El coordinador del PRD en el Senado de la República, Miguel Barbosa Huerta, consideró que el Congreso de la Unión debe actuar con mucha sensibilidad en el proceso de modificación a la Ley General de Víctimas, y atender de maneara prioritaria los planteamientos que para este fin realice el Movimiento por la Paz con Justicia y Dignidad.
«Para el PRD no es nuevo acompañar al movimiento de Javier Sicilia, sino que forma parte de nuestra línea política». Sostuvo que esta posición no implica renunciar al derecho de proponer modificaciones al proyecto una vez que se establezca el debate.
Barbosa Huerta aseguró que para el Grupo Parlamentario del PRD es prioridad la atención a las vÍctimas, «por lo cual en el proceso de reforma a la ley en esta materia apoyaremos los cambios que posibiliten su aplicación».
El también Presidente del Instituto Belisario Domínguez señaló que el Congreso mexicano tiene un compromiso que saldar con las personas que han sufrido los daños causados por la delincuencia y el crimen organizado, que en los últimos seis años «aumentó a niveles inimaginables y la respuesta del gobierno fue ineficaz».
El senador Miguel Barbosa comentó que la Ley General de Víctimas contiene elementos positivos, entre ellos, que se establece un catálogo de derechos reconocidos a las víctimas, y se incorporan medidas para restablecer el ejercicio pleno de sus derechos, como el recibir ayuda, asistencia y atención para ellas y sus familiares, por parte del Estado.
Además, se les reconoce a las víctimas el derecho a ser tratados con humanidad y respeto a su dignidad; a conocer la verdad sobre el delito que han sufrido, así como a la impartición de justicia y a la reparación del daño.

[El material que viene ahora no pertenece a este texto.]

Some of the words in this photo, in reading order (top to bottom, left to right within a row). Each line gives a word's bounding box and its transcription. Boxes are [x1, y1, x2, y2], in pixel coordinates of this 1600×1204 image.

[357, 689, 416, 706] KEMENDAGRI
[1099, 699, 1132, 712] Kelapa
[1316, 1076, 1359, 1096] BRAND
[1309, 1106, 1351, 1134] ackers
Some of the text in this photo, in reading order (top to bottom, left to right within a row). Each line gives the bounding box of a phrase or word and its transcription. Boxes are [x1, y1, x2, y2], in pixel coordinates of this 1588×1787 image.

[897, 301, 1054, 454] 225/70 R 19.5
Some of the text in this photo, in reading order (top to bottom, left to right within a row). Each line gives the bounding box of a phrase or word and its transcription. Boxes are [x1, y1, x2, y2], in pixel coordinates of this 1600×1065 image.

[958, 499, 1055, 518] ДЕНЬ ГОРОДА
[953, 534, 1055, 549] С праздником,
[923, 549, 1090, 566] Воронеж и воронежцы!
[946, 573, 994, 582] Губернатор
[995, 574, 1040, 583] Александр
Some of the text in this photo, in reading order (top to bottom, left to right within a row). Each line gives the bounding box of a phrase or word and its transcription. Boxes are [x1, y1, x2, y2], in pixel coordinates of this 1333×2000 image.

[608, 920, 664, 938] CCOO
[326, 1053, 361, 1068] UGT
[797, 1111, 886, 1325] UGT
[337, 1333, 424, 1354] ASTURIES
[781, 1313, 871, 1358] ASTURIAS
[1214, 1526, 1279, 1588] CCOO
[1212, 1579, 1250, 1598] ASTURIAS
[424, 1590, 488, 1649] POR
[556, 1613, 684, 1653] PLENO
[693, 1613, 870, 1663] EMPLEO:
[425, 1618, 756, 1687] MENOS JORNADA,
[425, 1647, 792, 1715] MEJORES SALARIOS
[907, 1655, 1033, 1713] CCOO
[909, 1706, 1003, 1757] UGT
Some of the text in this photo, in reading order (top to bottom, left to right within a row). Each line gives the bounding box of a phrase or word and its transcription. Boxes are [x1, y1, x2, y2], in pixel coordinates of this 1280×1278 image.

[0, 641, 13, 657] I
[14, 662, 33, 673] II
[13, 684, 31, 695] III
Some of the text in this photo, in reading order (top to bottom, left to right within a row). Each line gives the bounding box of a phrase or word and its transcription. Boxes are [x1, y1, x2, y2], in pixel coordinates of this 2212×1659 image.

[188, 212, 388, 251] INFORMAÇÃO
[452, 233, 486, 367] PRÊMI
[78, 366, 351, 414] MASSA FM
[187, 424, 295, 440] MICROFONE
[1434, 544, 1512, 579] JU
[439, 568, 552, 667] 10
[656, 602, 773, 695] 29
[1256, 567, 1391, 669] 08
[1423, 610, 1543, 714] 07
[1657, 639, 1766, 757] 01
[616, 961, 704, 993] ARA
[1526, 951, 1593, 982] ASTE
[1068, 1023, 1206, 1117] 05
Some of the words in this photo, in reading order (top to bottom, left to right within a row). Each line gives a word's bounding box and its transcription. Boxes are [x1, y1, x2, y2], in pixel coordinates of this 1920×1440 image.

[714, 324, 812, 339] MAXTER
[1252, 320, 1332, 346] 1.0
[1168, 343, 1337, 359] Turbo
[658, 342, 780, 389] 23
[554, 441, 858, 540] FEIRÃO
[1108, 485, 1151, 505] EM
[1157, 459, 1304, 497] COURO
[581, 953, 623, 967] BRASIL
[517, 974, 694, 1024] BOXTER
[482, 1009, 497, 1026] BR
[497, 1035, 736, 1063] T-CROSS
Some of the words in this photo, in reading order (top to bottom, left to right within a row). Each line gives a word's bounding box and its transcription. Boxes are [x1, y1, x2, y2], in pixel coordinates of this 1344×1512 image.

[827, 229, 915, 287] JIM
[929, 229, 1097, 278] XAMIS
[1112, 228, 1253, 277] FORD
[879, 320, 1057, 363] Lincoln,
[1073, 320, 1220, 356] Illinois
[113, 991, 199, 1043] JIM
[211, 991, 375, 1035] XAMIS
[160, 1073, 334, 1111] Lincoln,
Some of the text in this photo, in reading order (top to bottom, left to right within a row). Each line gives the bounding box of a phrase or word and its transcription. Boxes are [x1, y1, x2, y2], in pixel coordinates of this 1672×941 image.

Señaló que una vez conocidas las propuestas para modificar este ley, «las senadoras y senadores del PRD, como lo hemos hecho en otras ocasiones, atenderemos las voces que expresen diversos puntos de vista y actuaremos con responsabilidad y sensibilidad».
Reiteró su llamado a acompañar las causas del Movimiento por la Paz con Justicia y Dignidad, que es la parte más sentida de lo que ha sido el combate contra las mafias del crimen organizado y los daños colaterales de esta guerra, que son las víctimas.
«El Congreso de la Unión pasado atendió la demanda ciudadana que se expresó en las calles y después en los diálogos y compromisos del Castillo de Chapultepec. Ahora corresponde a nuestra legislatura definir una reforma para el perfeccionamiento de esta ley», concluyó.